Metzner G, Fricke H J, Schröder D, Göring H D, Franke W, Karl M
Folia Haematol Int Mag Klin Morphol Blutforsch. 1983;110(4):526-39.
21 patients with diseases due to immunological causes were treated 6 times at an interval of four weeks by administering 5 E TF or 1 E TF each per 10 kg of body weight. TF consisted of 5 different large pool TF charges of 420 to 822 buffy-coats of fresh stored whole blood. Clinical and immunological investigations as well as biochemical ones in the laboratory were made before and after treatment. Large pool TF is clinically effective in 9 from 18 patients and immunologically in 16 from 18 patients. There is a greater effect in immunodeficiencies than in autoimmune diseases. TF is not able to remove the defect for a long time. Repeated administrations are required. TF therapy may be regarded as a substitution therapy. At first, the intervals have to be chosen according to clinical parameters (recidive of the disease or crisis respectively). There is a good compatibility of TF. Side-effects could not be observed. The frequent immunological conversions after score evaluation indicate, however, that in comparison to the clinical appearance the course of the disease must be seen to be much more complex than it can be expressed by in vitro correlates of immunological responses. Statistically ensured correlations of single tests concerning the clinical course could also not be found. Large pool TF provides favourable conditions for controlled therapy trials in order to elucidate those findings of therapy which hitherto had been a subject of controversy (e.g. autoimmune diseases, tumours).
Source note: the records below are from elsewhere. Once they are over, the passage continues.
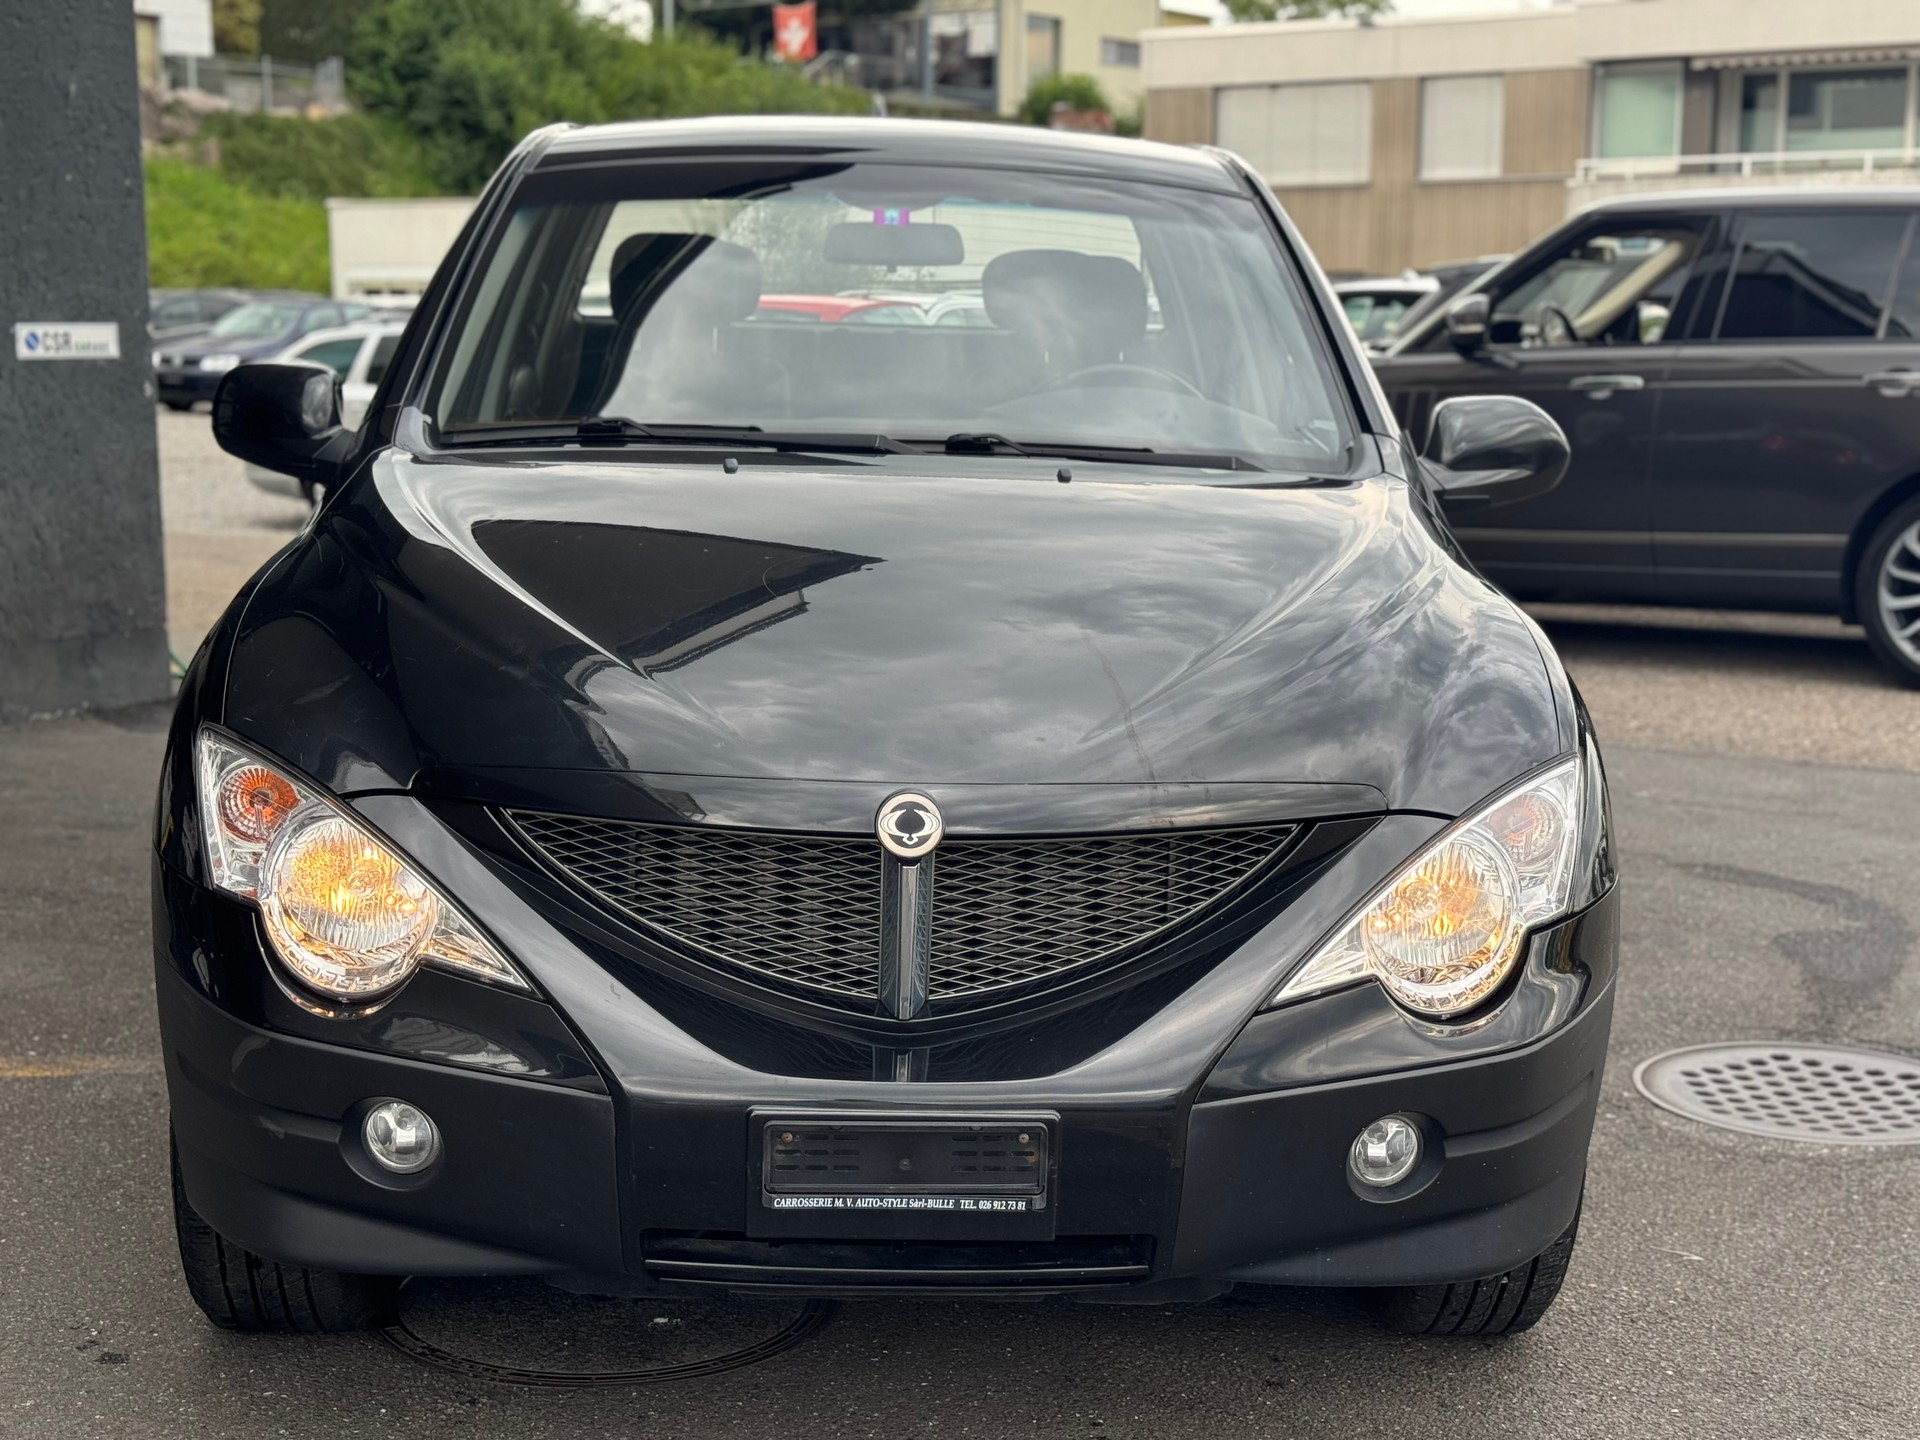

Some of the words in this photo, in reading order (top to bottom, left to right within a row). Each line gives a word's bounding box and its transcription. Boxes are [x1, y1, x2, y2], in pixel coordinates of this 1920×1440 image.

[774, 1198, 832, 1207] CARROSSERIE
[833, 1198, 844, 1207] M.
[847, 1198, 854, 1207] V.
[855, 1198, 909, 1208] AUTO-STYLE
[960, 1200, 976, 1209] TEL.
[978, 1200, 992, 1209] 026
[993, 1200, 1006, 1210] 912
[1007, 1201, 1016, 1210] 73
[1017, 1201, 1026, 1211] 81
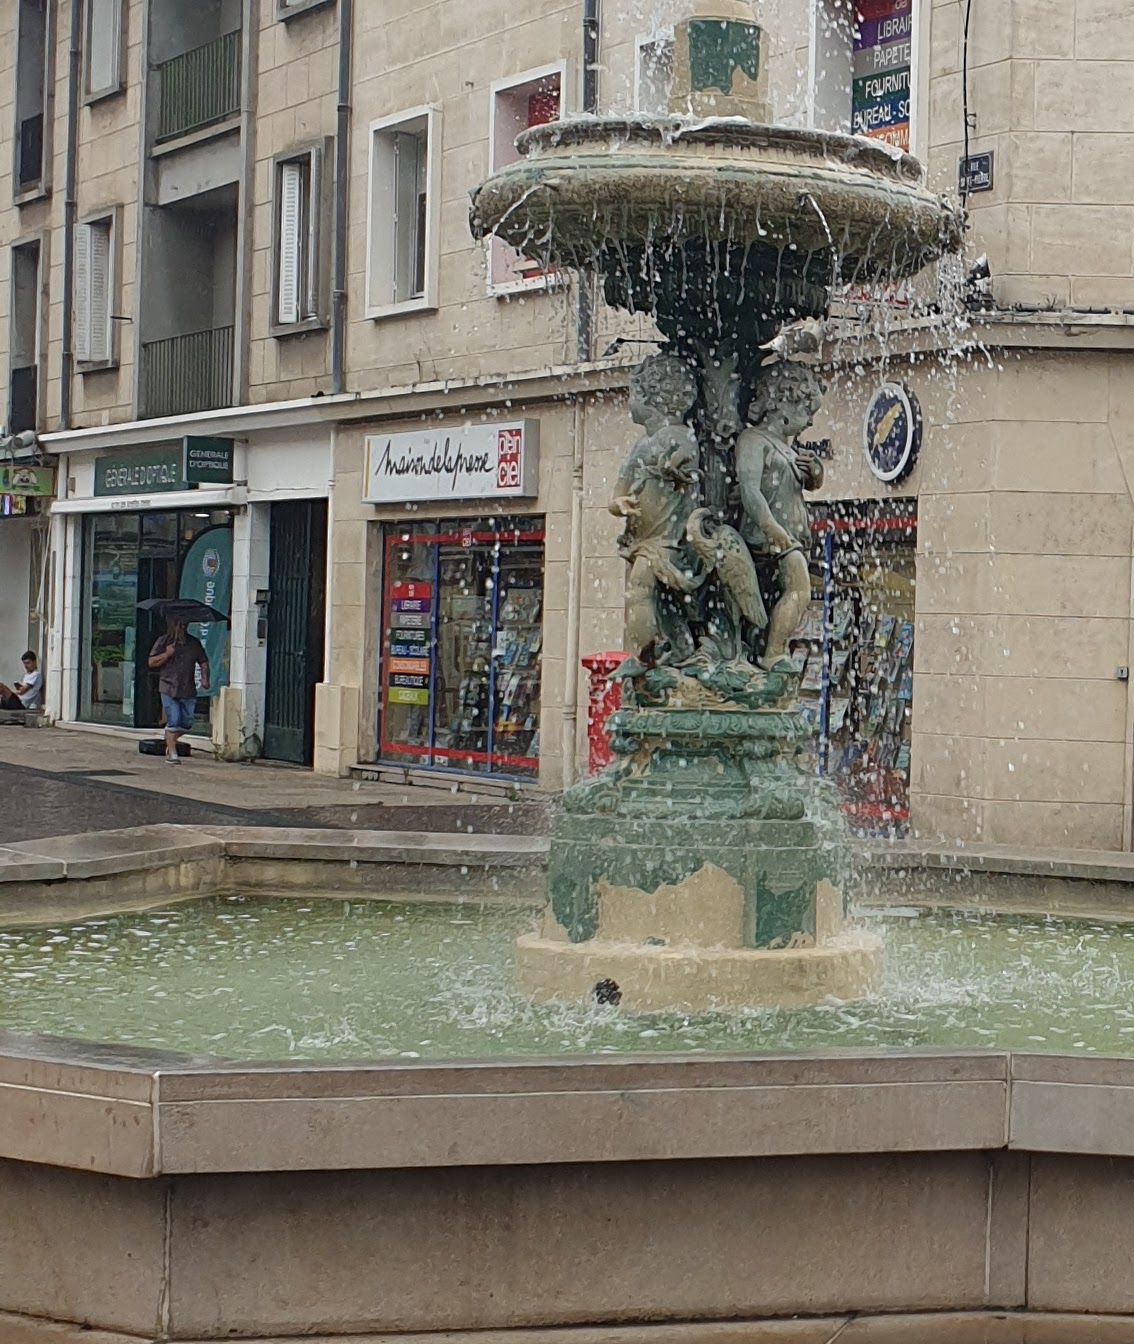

21例免疫性病因所致疾病患者,每10kg体重每次给予5个E TF或1个E TF,每隔四周治疗1次,共治疗6次。TF由5种不同的大库TF制剂组成,来源于420至822份新鲜储存全血的血沉棕黄层。治疗前后进行了临床、免疫学及实验室生化检查。大库TF对18例患者中的9例临床有效,对18例患者中的16例免疫学有效。免疫缺陷疾病患者的疗效优于自身免疫性疾病患者。TF不能长期消除缺陷,需要重复给药。TF治疗可视为替代疗法。起初,给药间隔必须根据临床参数(疾病复发或危机情况)来选择。TF具有良好的耐受性,未观察到副作用。然而,评分评估后频繁的免疫转化表明,与临床表现相比,疾病的病程比免疫反应的体外相关性所表达的要复杂得多。也未发现关于临床病程的单项检测在统计学上有可靠的相关性。大库TF为对照治疗试验提供了有利条件,以便阐明那些迄今为止一直存在争议的治疗结果(如自身免疫性疾病、肿瘤)。